Swissport/BOS and Massport have maintained that no jet fuel that was spilled made it beyond the so-called North Outfall booms that are in position at the airport to contain large oil spills.

However, a map provided to the East Boston Times in May, 2011 by a local clammer shows where the clams died off and where the clams remained healthy.

There has to be a correlation between the two – and especially that of the dead clams in the North Outfall where the residue of the October, 2010 aviation fuel spill apparently  seeped into the clam beds.

Clamming those flats local clammer John Dennehy said he usually harvested 1,000 pounds of clams in a day but that after the spill, he had never seen the clam flats so absent of life. He said all the clams had died.

The state’s Marine Department of Fisheries examined batches of the dead clams reporting back that the clams had died of neoplasia – clam cancer.

This cancer, according to Marine Fishery officials, is caused by hydrocarbons found in jet fuel.

Neither Swissport/BOS nor Massport have been forthcoming about the October, 2010 aviation fuel spill.

Massport should have fully investigated the October, 2010 spill as it should have investigated the death of the clam flats and reported this news to the EPA. Then it should have made the information public to show it has nothing to hide.

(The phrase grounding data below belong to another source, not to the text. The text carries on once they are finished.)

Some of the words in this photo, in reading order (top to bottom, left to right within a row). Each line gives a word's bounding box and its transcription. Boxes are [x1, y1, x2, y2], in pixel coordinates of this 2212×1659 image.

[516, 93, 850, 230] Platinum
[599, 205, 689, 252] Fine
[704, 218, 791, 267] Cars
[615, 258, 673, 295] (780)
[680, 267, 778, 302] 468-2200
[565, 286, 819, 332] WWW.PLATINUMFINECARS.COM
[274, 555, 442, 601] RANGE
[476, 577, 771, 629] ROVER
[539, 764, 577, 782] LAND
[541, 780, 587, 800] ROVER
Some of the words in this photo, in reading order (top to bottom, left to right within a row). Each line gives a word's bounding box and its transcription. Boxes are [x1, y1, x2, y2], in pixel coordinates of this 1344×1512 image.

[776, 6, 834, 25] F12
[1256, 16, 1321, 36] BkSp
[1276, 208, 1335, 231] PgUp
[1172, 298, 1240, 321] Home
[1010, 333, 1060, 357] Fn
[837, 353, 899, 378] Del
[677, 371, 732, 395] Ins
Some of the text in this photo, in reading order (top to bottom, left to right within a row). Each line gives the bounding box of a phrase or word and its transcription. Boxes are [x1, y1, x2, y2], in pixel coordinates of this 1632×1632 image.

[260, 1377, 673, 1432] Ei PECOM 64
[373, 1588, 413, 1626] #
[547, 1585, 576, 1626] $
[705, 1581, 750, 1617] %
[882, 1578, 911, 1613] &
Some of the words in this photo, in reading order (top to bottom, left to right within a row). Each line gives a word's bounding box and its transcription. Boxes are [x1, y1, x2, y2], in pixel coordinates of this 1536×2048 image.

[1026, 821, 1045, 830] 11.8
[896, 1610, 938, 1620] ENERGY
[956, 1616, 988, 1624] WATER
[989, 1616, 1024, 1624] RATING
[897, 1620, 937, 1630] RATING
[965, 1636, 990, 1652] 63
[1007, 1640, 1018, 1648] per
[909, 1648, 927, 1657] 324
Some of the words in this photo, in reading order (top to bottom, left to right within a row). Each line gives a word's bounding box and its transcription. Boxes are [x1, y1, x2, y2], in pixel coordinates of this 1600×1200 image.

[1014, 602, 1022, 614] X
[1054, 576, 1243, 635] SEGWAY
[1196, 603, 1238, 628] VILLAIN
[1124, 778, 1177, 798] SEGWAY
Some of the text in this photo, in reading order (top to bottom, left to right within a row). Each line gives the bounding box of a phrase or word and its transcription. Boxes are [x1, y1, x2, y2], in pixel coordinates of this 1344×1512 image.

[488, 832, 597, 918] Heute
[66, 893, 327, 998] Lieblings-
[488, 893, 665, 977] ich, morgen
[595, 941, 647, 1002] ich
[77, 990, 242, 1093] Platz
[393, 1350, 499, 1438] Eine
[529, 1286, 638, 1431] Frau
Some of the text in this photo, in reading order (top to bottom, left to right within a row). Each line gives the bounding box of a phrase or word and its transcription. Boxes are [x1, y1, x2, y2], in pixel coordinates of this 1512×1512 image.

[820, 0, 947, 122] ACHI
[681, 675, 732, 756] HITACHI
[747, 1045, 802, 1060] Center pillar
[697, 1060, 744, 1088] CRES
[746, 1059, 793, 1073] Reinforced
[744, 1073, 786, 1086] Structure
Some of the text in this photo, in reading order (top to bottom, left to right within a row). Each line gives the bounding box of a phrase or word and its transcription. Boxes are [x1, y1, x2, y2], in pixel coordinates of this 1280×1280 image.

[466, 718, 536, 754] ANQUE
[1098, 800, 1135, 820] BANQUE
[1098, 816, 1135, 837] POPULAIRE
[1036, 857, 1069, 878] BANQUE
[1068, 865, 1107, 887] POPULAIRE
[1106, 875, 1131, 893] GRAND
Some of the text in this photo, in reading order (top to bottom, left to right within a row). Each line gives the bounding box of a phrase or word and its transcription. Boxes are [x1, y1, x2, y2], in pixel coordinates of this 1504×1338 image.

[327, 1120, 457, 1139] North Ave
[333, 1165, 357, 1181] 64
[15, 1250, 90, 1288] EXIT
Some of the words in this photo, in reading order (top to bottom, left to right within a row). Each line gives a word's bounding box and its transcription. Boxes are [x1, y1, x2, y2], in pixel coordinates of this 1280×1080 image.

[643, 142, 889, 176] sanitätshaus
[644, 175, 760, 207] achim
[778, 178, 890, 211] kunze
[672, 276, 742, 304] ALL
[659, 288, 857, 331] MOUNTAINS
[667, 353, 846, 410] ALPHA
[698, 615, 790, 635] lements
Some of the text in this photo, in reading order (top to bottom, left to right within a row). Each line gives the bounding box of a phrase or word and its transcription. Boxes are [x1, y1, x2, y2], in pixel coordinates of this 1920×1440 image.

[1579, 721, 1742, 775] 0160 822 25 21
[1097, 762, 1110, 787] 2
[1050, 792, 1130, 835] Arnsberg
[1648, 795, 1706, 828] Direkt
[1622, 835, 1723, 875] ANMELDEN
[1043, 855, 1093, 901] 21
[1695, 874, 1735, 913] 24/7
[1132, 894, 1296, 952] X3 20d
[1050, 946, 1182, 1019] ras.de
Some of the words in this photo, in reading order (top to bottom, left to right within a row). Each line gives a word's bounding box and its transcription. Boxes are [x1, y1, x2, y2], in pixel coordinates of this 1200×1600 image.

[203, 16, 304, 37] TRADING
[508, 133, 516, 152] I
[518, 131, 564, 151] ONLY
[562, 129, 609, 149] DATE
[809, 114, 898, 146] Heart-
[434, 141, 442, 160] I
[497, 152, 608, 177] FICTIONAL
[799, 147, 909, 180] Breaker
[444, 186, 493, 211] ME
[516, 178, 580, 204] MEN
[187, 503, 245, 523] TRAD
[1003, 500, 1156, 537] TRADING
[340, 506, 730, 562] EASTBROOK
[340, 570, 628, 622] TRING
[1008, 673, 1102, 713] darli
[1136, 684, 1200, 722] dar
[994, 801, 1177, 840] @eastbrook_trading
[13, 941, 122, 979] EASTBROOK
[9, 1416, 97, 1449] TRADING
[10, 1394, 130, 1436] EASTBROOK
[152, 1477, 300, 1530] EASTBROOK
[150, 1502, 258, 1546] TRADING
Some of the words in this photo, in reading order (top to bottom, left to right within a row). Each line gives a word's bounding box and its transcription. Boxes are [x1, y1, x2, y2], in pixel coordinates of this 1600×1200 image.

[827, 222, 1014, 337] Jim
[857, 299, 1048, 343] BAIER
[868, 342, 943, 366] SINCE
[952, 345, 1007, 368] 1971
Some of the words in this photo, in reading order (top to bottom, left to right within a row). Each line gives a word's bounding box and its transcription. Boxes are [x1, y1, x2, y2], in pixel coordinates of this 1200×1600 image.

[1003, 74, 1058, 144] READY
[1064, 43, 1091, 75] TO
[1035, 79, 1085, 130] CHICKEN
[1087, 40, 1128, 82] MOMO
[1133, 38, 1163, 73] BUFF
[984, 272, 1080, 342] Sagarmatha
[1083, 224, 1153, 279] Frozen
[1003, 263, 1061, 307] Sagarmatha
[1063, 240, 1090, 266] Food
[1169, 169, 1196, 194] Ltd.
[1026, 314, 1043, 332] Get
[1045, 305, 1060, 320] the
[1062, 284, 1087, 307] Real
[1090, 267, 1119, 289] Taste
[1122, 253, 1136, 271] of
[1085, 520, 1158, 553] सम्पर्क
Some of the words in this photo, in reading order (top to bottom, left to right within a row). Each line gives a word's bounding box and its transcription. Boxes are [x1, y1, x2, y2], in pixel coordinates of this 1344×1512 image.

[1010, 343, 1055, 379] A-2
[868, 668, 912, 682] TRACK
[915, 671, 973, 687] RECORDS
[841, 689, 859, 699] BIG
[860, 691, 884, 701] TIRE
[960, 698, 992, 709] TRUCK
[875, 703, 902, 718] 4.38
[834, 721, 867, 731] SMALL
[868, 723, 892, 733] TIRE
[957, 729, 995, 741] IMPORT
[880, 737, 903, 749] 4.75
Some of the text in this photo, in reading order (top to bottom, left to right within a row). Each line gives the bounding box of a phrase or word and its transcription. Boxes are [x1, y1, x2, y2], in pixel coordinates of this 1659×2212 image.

More importantly, Massport’s response to the fuel spill indicates a breach of that agency’s formerly pristine reporting with regard to problems whether real or imagined that take place at Logan Airport.

All of us in this area rely heavily on Massport’s veracity and its ability to patrol itself and to take the blame for incidents that are of their own making.

Indeed, if Massport insists that no jet fuel was spilled into the clam flats and seeped into the Wood Island flats, then why are the clam flats dead and absent of life?